The gain on sale of loans decreased to $7.28 million for the quarter ended September 30, 2011 from $9.45 million in the comparable quarter last year, reflecting the net impact of a lower average loan sale margin and a lower loan sale volume. The average loan sale margin for mortgage banking was 112 basis points for the quarter ended September 30, 2011, compared to 142 basis points in the comparable quarter last year. The gain on sale of loans includes a favorable fair-value adjustment on loans held for sale and derivative financial instruments (commitments to extend credit, commitments to sell loans, commitments to sell mortgage-backed securities, and option contracts) that amounted to a net gain of $6.40 million in the first quarter of fiscal 2012, as compared to a favorable fair-value adjustment that amounted to a net gain of $3.36 million in the same period last year. The gain on sale of loans for the first quarter of fiscal 2012 includes a $1.10 million recourse provision for loans sold that are subject to repurchase, compared to a $536,000 recourse provision in the comparable quarter last year. As of September 30, 2011, the recourse reserve for loans sold that are subject to repurchase was $5.2 million, compared to $6.5 million at September 30, 2010 and $4.2 million at June 30, 2011 (sequential quarter).
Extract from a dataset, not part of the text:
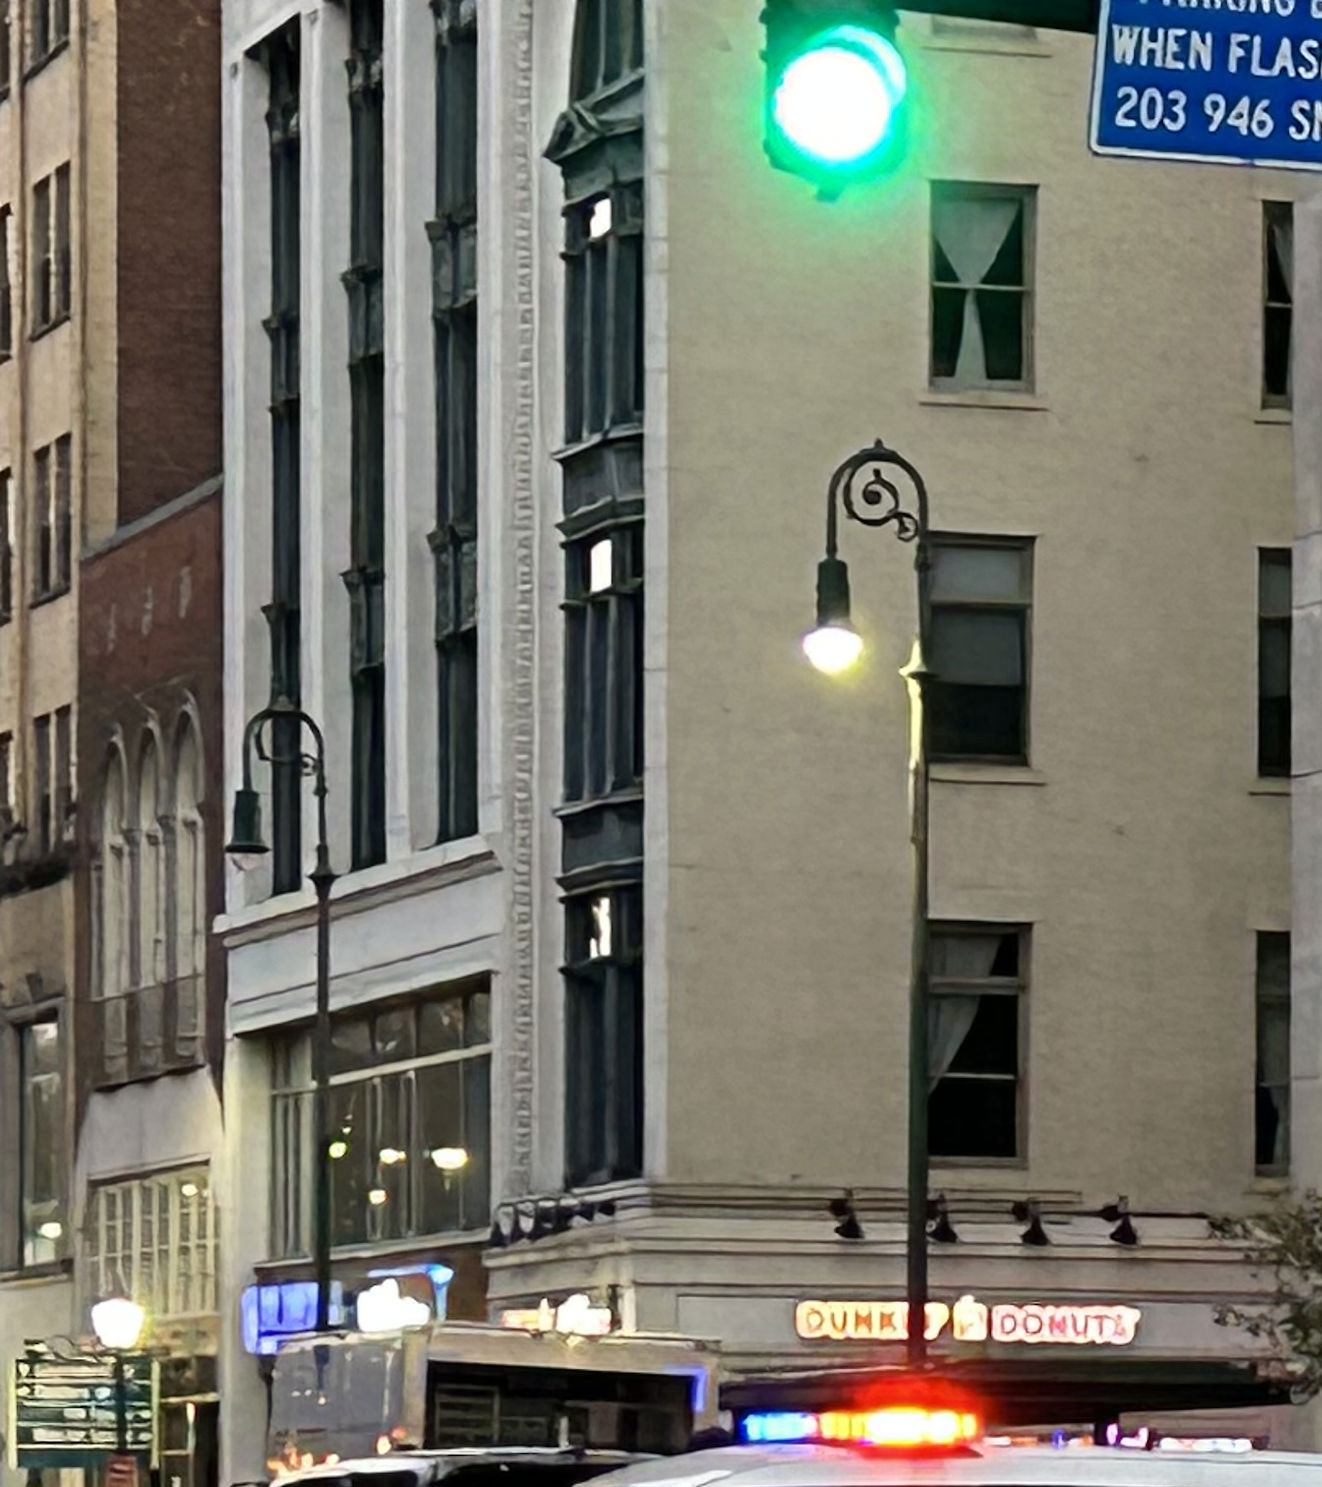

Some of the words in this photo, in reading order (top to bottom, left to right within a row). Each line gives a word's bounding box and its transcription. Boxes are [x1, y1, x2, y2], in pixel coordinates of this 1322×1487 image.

[1112, 23, 1213, 72] WHEN
[1115, 86, 1188, 132] 203
[1203, 93, 1275, 139] 946
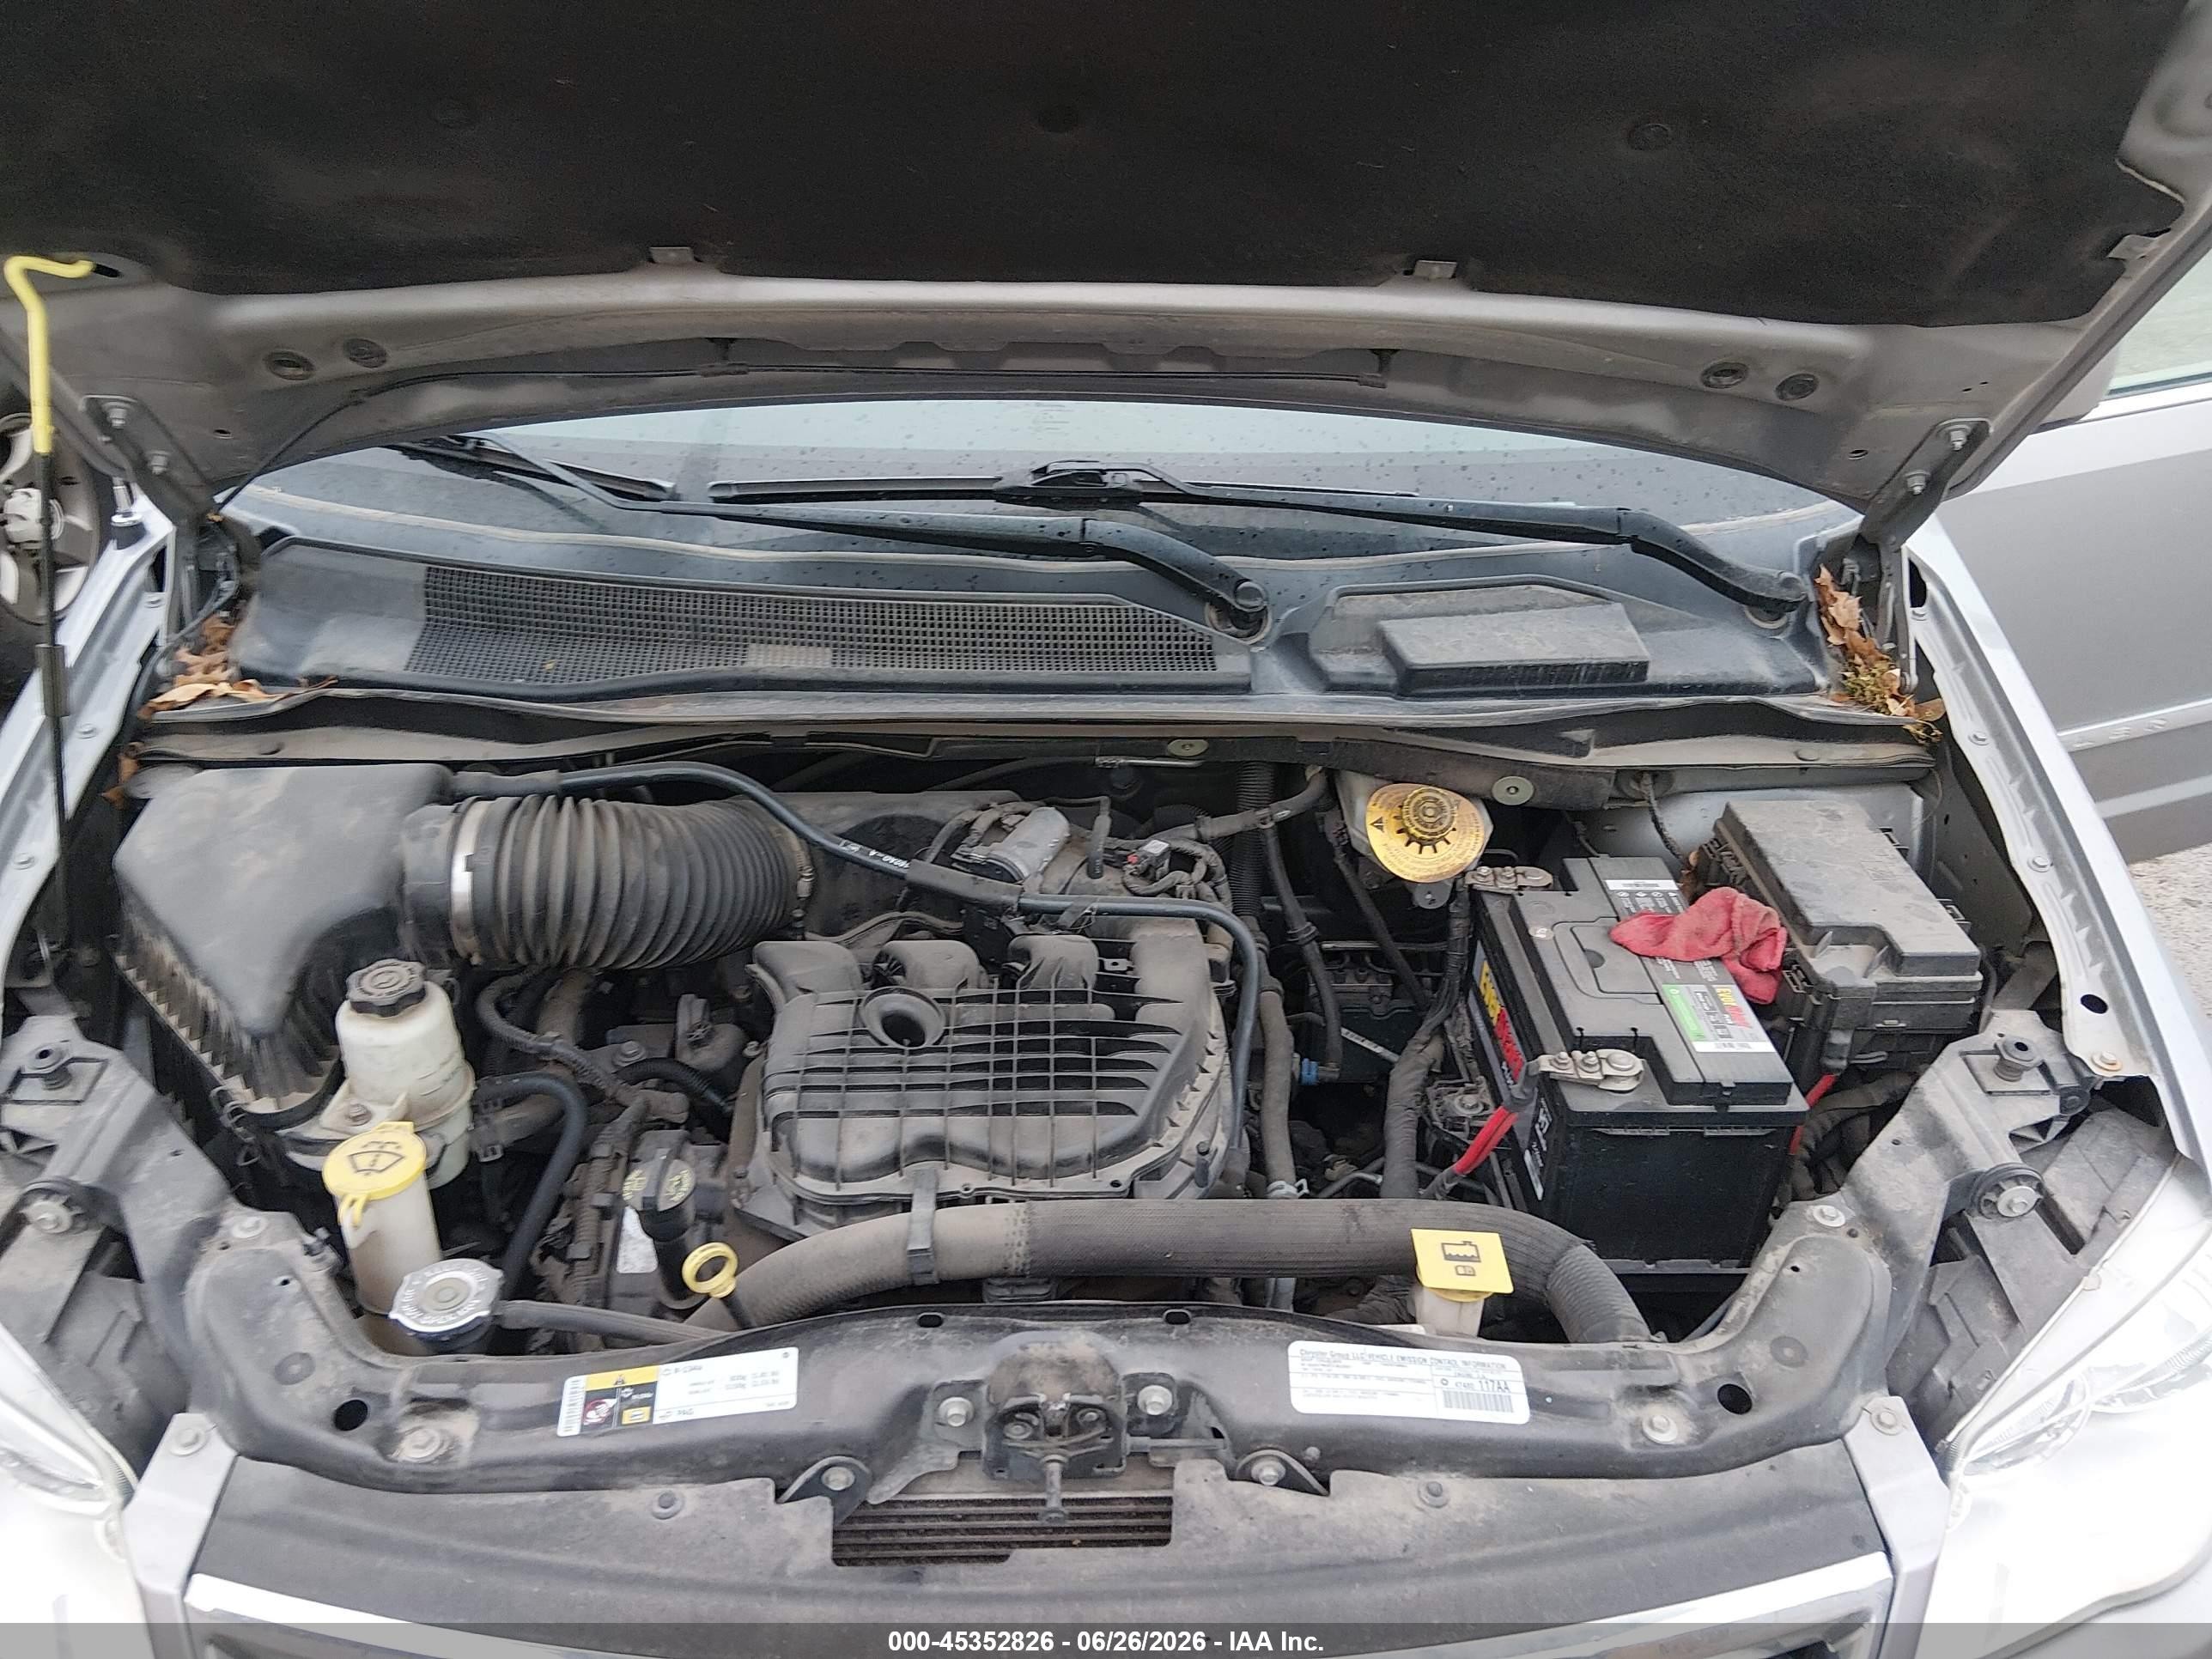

In the first quarter of fiscal 2012, a total of $568.1 million of loans were originated for sale, a decrease of 13 percent from $649.5 million for the same period last year, but 26 percent higher than the $449.6 million in the fourth quarter of fiscal 2011 (sequential quarter). The loan origination volume remains favorable from a historical perspective as a result of respectable liquidity in the secondary mortgage markets particularly in FHA/VA, Fannie Mae and Freddie Mac loan products and relatively low mortgage interest rates. Total loans sold for the quarter ended September 30, 2011 were $485.7 million, a decrease of 18 percent from $590.8 million for the same quarter last year. Total loan originations (including loans originated for investment and loans originated for sale) were $583.9 million in the first quarter of fiscal 2012, a decrease of 10 percent from $650.1 million in the same quarter of fiscal 2011, however, 29 percent higher than the $454.2 million in the fourth quarter of fiscal 2011 (sequential quarter).



The sale and operations of real estate owned acquired in the settlement of loans resulted in a net gain of $32,000 in the first quarter of fiscal 2012, as compared to a net loss of $(368,000) in the comparable period last year. Eighteen real estate owned properties were sold in the quarter ended September 30, 2011 compared to 27 real estate owned properties sold in the same quarter last year. During the first quarter of fiscal 2012, sixteen real estate owned properties were acquired in the settlement of loans, compared to 34 real estate owned properties acquired in the settlement of loans in the comparable period last year. As of September 30, 2011, the real estate owned balance was $7.3 million (52 properties), compared to $16.9 million (84 properties) at September 30, 2010 and $8.3 million (54 properties) at June 30 2011.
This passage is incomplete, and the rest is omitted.